§ **EXERCISE AIM**
Copy each line below exactly as it appears. Pictures are to be omitted.

§ **Entries taken from a collection**
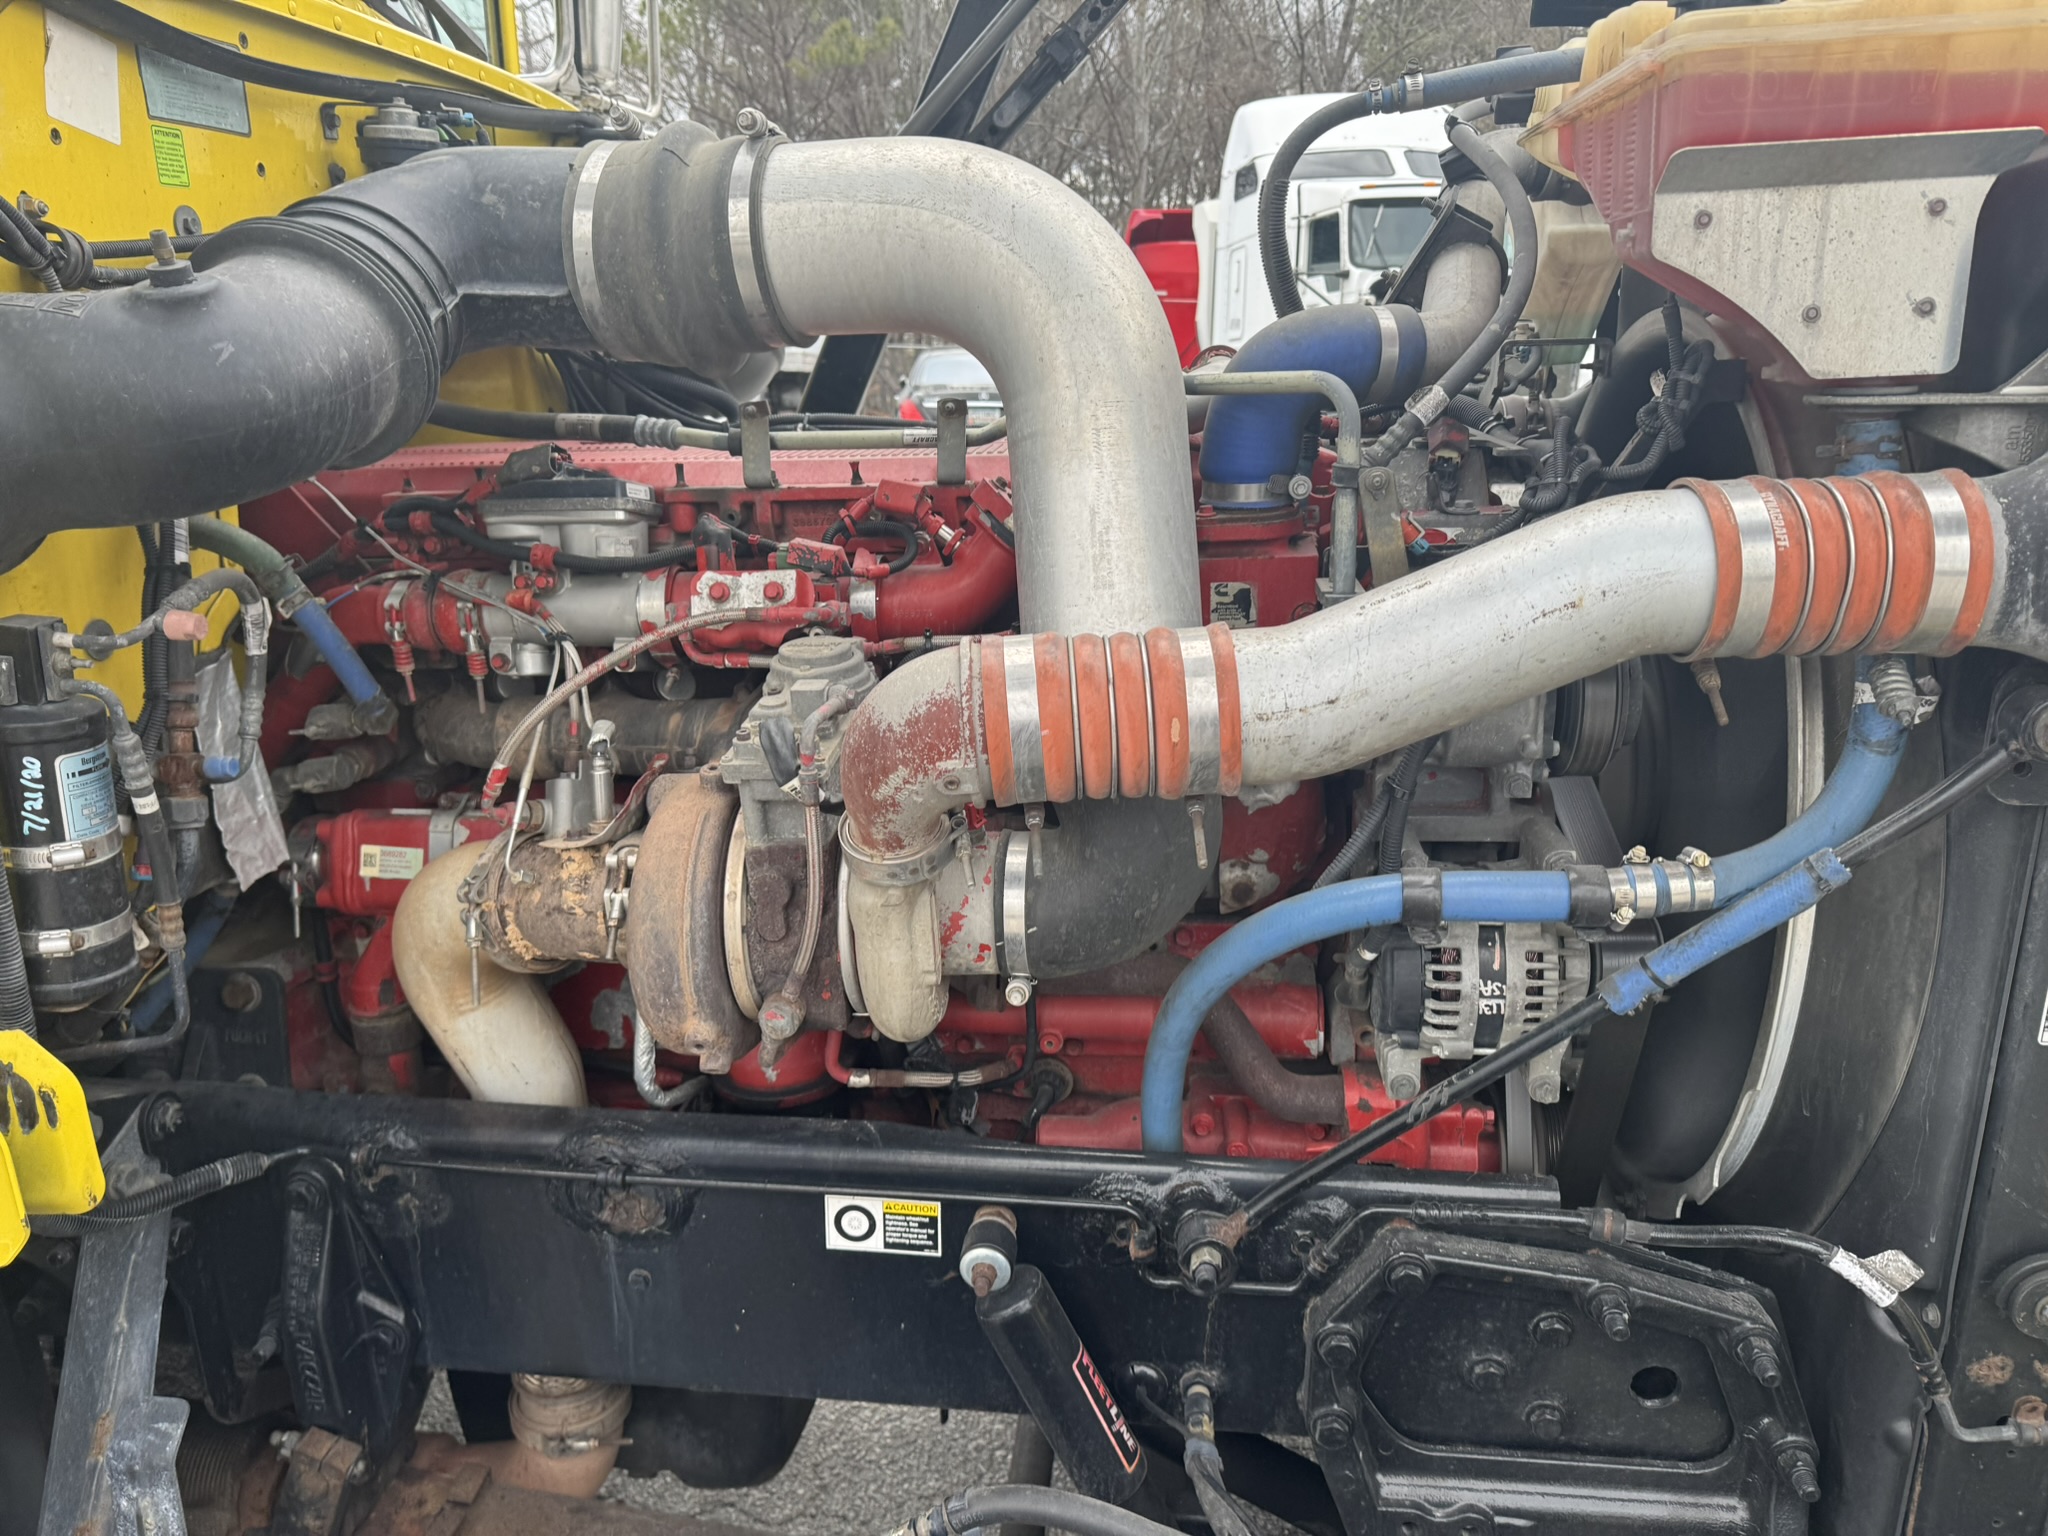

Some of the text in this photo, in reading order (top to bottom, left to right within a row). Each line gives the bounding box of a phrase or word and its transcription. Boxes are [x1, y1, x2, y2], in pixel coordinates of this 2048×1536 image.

[154, 130, 180, 139] ATTENTION
[20, 756, 50, 835] 7/21/20
[893, 1204, 936, 1213] CAUTION
[1083, 1343, 1137, 1453] FLEETLINE

§ **RESPONSE BELOW**
Some of the text in this photo, in reading order (top to bottom, left to right within a row). Each line gives the bounding box of a phrase or word and its transcription. Boxes are [x1, y1, x2, y2], in pixel coordinates of this 2048×1536 image.

[154, 130, 180, 139] ATTENTION
[20, 756, 50, 835] 7/21/20
[893, 1204, 936, 1213] CAUTION
[1083, 1343, 1137, 1453] FLEETLINE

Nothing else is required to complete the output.